Though universities offer free mental health counseling, Ashkazari said most don’t have the capacity to handle the conditions common to Latino immigrants, which could include posttraumatic stress disorder (PTSD) or major depression.
“College and universities are not equipped to handle any kind of baseline trauma,” she said, adding that college institutions don’t have the budget to hire a staff that specializes in areas outside of general anxiety, depression and identity crisis common to college students.
Surveys show only 33 percent of Latino adults with mental health problems receive professional help every year compared to the 43 percent national average, according to a 2019 analysis from Substance Abuse and Mental Health Service Administration (SAMHSA).
The lack of access to mental health treatment and the language barrier between health care and the Latino community is what drew Jairo Robles, 29, into the field.
“Our community experiences a lot of trauma,” he said. “We’ve all seen somebody get deported or know somebody that has.”
Robles received his undergraduate degree psychology at Trevecca as a DACA student in 2018 before getting married and receiving his green card on the same year. He is currently a graduate student at Middle Tennessee State University studying clinical mental health.
Even as an aspiring counselor, Robles said his parents often label people with mental health problems as “crazy.”
“Don’t air out your laundry. Keep it at home,” he said, describing his upbringing. “Being open about going to therapy has really helped them start to accept the fact that people have mental health issues that they need to address.”
Finding help on your own
Most parents of DACA recipients don’t understand the law and the American education system, said 25-year-old Jazmin Ramirez, who came to the US from Mexico at age 7.
As a first-generation college student, figuring out how to acquire a diploma fell on her shoulders, she said.
When she began looking into colleges, Ramirez soon realized she was not eligible for in-state tuition and other educational opportunities.

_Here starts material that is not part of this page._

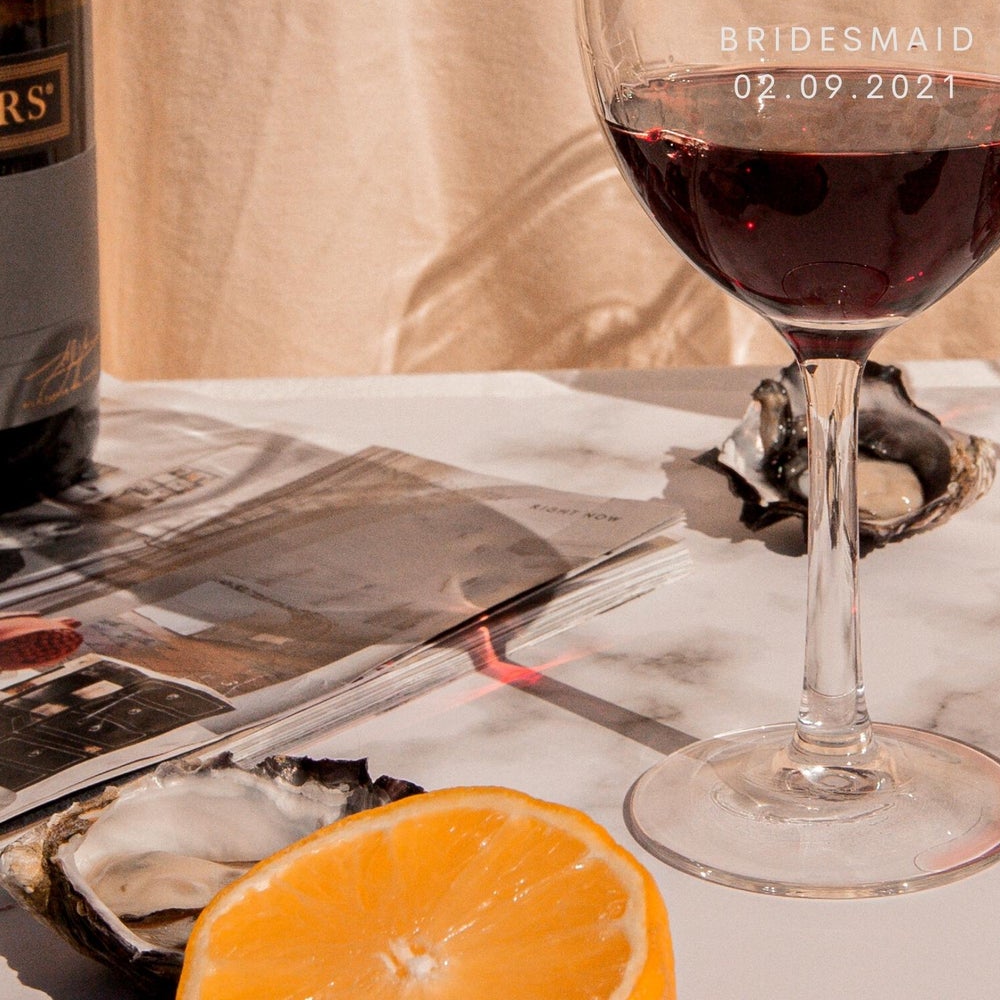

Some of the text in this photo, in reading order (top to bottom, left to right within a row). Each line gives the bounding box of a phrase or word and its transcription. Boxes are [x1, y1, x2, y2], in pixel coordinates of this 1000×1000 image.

On her first potential paid internship at a local non-profit, Ramirez went through three rounds of interviews before having to turn down the offer after being asked for her Social Security number.
“Having worked so hard for that internship and then having to turn it down was really crushing,” she said. “That’s when it really hit me what it would mean for me to be an undocumented student.”
Once her high school graduation came, she didn’t have a university to go to, causing her to take a year off. That’s when a scholarship with Equal Chance for Education and Trevecca came, she said.
There’s no room for failure
For Echeverria, bad grades were “never an option.” The weight rising out of their situation often fell on her shoulders, she said.
“My parents always stressed the fact that you’re here to do better and to be better,” she said. “A’s have always been the expectation.”
In college, Echeverria has been the commuter council president and a peer mentor. After school, she works part-time in a retail store, she said.
Based on her definition, Echeverria continues to check off her list of what success would mean.
This May, Echeverria will be finishing her undergraduate degree a semester earlier. After graduation, she plans on preparing for graduate school in hopes of being a speech pathologist.
“For people my age, school is often about having fun, about trying new things— getting to experience the college life,” she said. “But for me, it’s always just been making sure you get good grades.”
Currently, Echeverria isn’t seeing a counselor. She mostly confides to friends and university staff she shares a close relationship with, she said.
“We appreciate people listening to us and all that,” she said about mental health resources in universities. “But if you’re not helping us advocate for change, it’s just pointless for you to just listen.”